## Exercise
Would you please transcribe the records below exactly, leaving out the pictures?

*** Opening of Supplied material ***

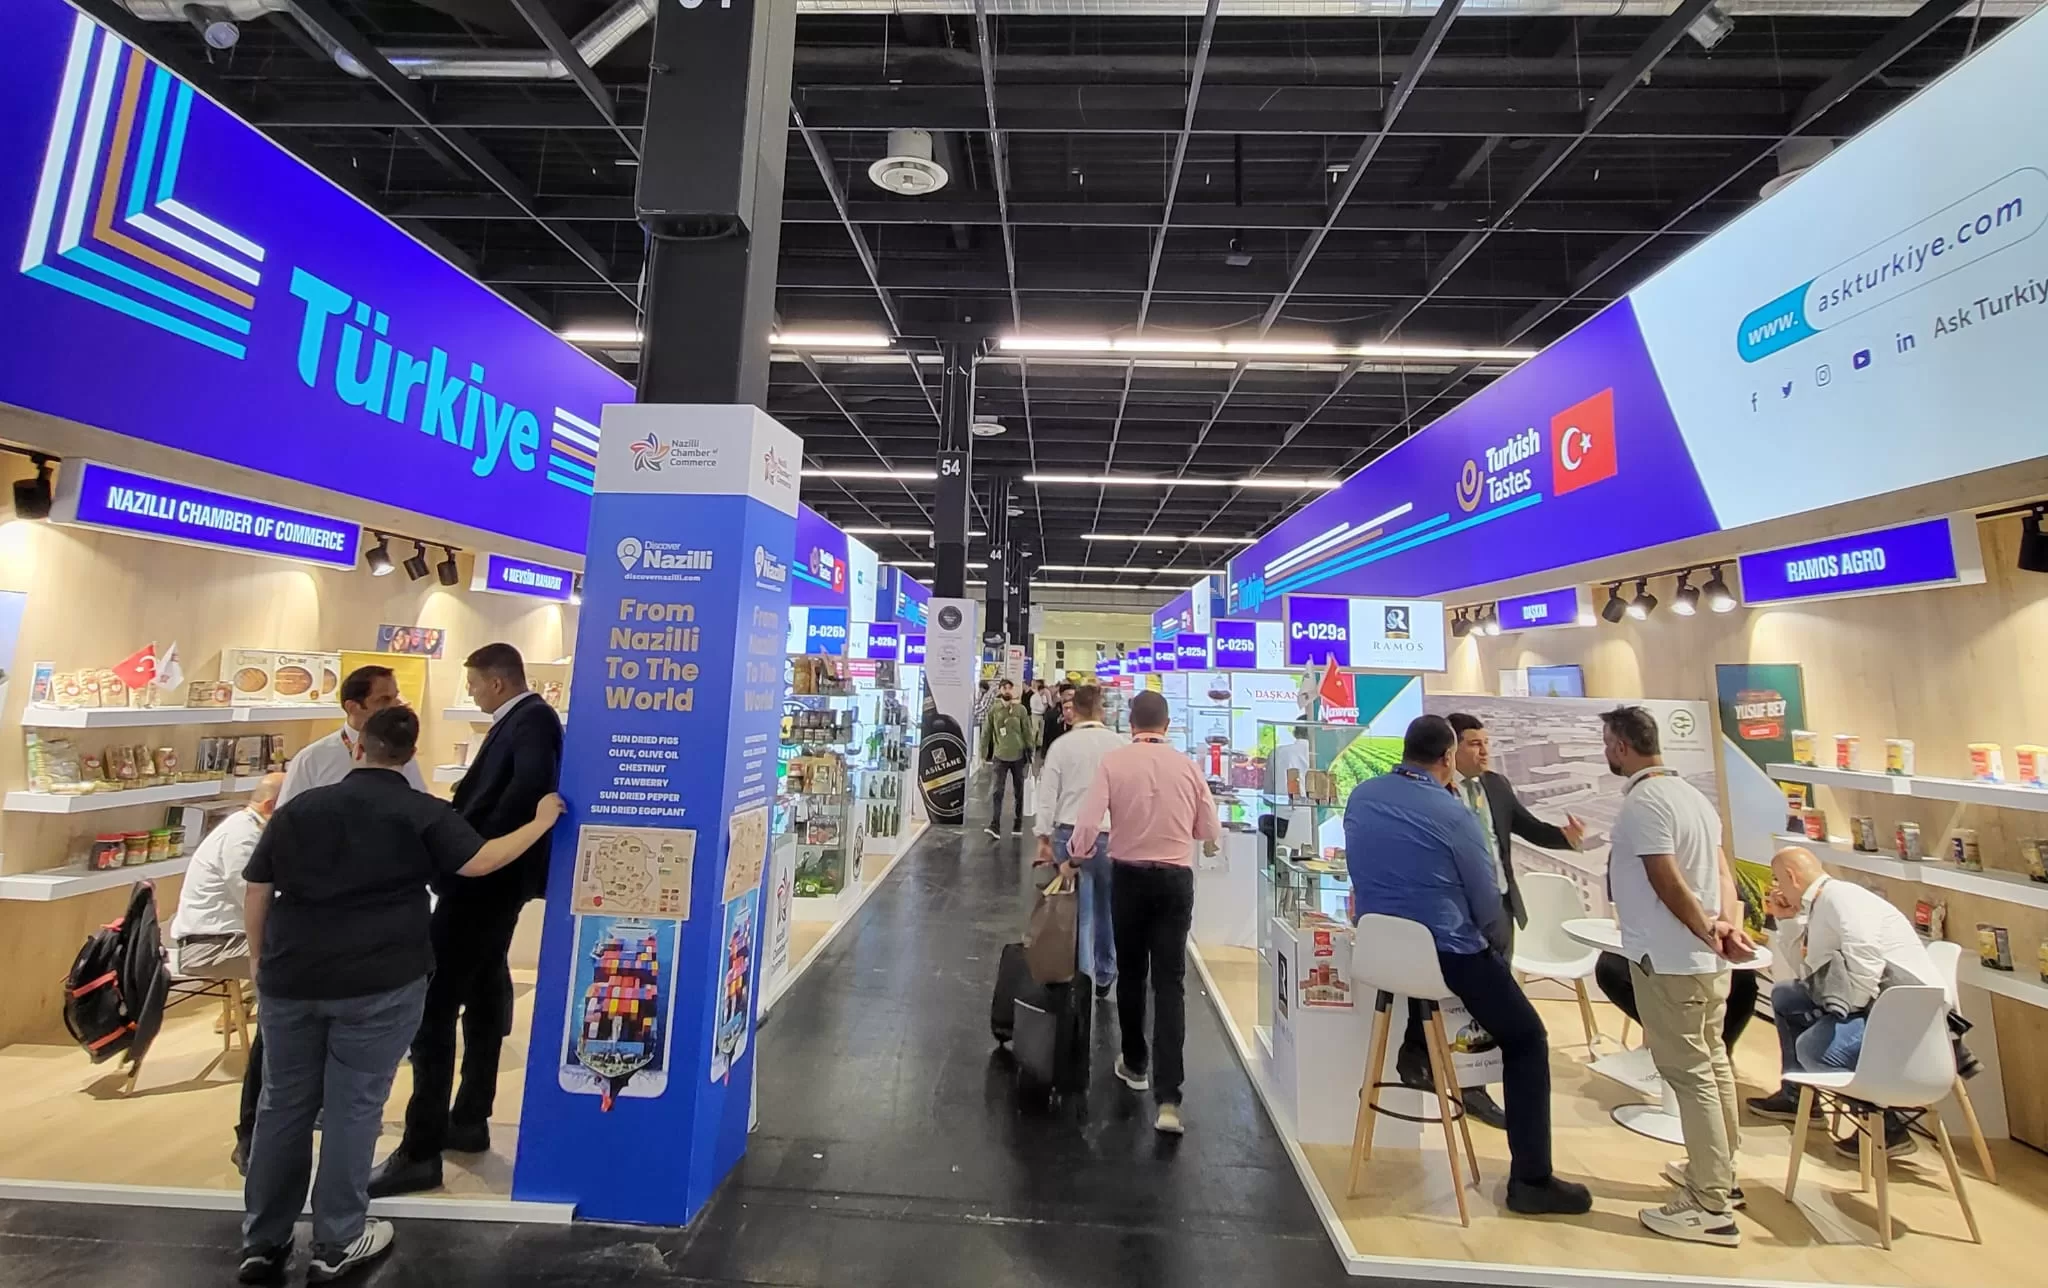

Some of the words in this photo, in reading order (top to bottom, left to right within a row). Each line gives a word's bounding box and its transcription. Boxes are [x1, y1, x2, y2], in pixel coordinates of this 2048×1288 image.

[1748, 311, 1799, 346] www.
[1817, 196, 2023, 312] askturkiye.com
[1934, 307, 1974, 339] Ask
[289, 266, 540, 478] Türkiye
[671, 439, 700, 448] Nazilli
[1485, 427, 1541, 474] Turkish
[670, 448, 711, 457] Chamber
[669, 458, 717, 467] Commerce
[941, 459, 961, 476] 54
[1486, 468, 1532, 504] Tastes
[106, 485, 177, 520] NAZILLI
[178, 499, 253, 535] CHAMBER
[254, 516, 273, 537] OF
[275, 520, 346, 551] COMMERCE
[644, 540, 681, 551] Discover
[643, 549, 713, 570] Nazilli
[990, 550, 1002, 560] 44
[1786, 558, 1838, 583] RAMOS
[1841, 547, 1886, 576] AGRO
[619, 599, 695, 622] From
[610, 627, 700, 652] Nazilli
[808, 624, 846, 638] B-026b
[1292, 622, 1347, 641] C-029a
[1216, 638, 1255, 651] C-025b
[1373, 640, 1424, 652] RAMOS
[605, 656, 640, 679] To
[646, 658, 700, 681] The
[605, 686, 694, 712] World
[1734, 702, 1767, 720] YUSUF
[611, 734, 630, 743] SUN
[631, 736, 657, 745] DRIED
[658, 737, 679, 745] FIGS
[608, 748, 637, 759] OLIVE,
[638, 750, 664, 759] OLIVE
[664, 751, 680, 760] OIL
[618, 763, 667, 773] CHESTNUT
[925, 757, 962, 776] ASILTANE
[613, 777, 669, 788] STAWBERRY
[599, 791, 619, 800] SUN
[619, 792, 646, 801] DRIED
[646, 793, 680, 802] PEPPER
[590, 805, 610, 814] SUN
[610, 806, 637, 815] DRIED
[638, 807, 686, 817] EGGPLANT

*** Close of Supplied material ***

## Answer area
Some of the words in this photo, in reading order (top to bottom, left to right within a row). Each line gives a word's bounding box and its transcription. Boxes are [x1, y1, x2, y2], in pixel coordinates of this 2048×1288 image.

[1748, 311, 1799, 346] www.
[1817, 196, 2023, 312] askturkiye.com
[1934, 307, 1974, 339] Ask
[289, 266, 540, 478] Türkiye
[671, 439, 700, 448] Nazilli
[1485, 427, 1541, 474] Turkish
[670, 448, 711, 457] Chamber
[669, 458, 717, 467] Commerce
[941, 459, 961, 476] 54
[1486, 468, 1532, 504] Tastes
[106, 485, 177, 520] NAZILLI
[178, 499, 253, 535] CHAMBER
[254, 516, 273, 537] OF
[275, 520, 346, 551] COMMERCE
[644, 540, 681, 551] Discover
[643, 549, 713, 570] Nazilli
[990, 550, 1002, 560] 44
[1786, 558, 1838, 583] RAMOS
[1841, 547, 1886, 576] AGRO
[619, 599, 695, 622] From
[610, 627, 700, 652] Nazilli
[808, 624, 846, 638] B-026b
[1292, 622, 1347, 641] C-029a
[1216, 638, 1255, 651] C-025b
[1373, 640, 1424, 652] RAMOS
[605, 656, 640, 679] To
[646, 658, 700, 681] The
[605, 686, 694, 712] World
[1734, 702, 1767, 720] YUSUF
[611, 734, 630, 743] SUN
[631, 736, 657, 745] DRIED
[658, 737, 679, 745] FIGS
[608, 748, 637, 759] OLIVE,
[638, 750, 664, 759] OLIVE
[664, 751, 680, 760] OIL
[618, 763, 667, 773] CHESTNUT
[925, 757, 962, 776] ASILTANE
[613, 777, 669, 788] STAWBERRY
[599, 791, 619, 800] SUN
[619, 792, 646, 801] DRIED
[646, 793, 680, 802] PEPPER
[590, 805, 610, 814] SUN
[610, 806, 637, 815] DRIED
[638, 807, 686, 817] EGGPLANT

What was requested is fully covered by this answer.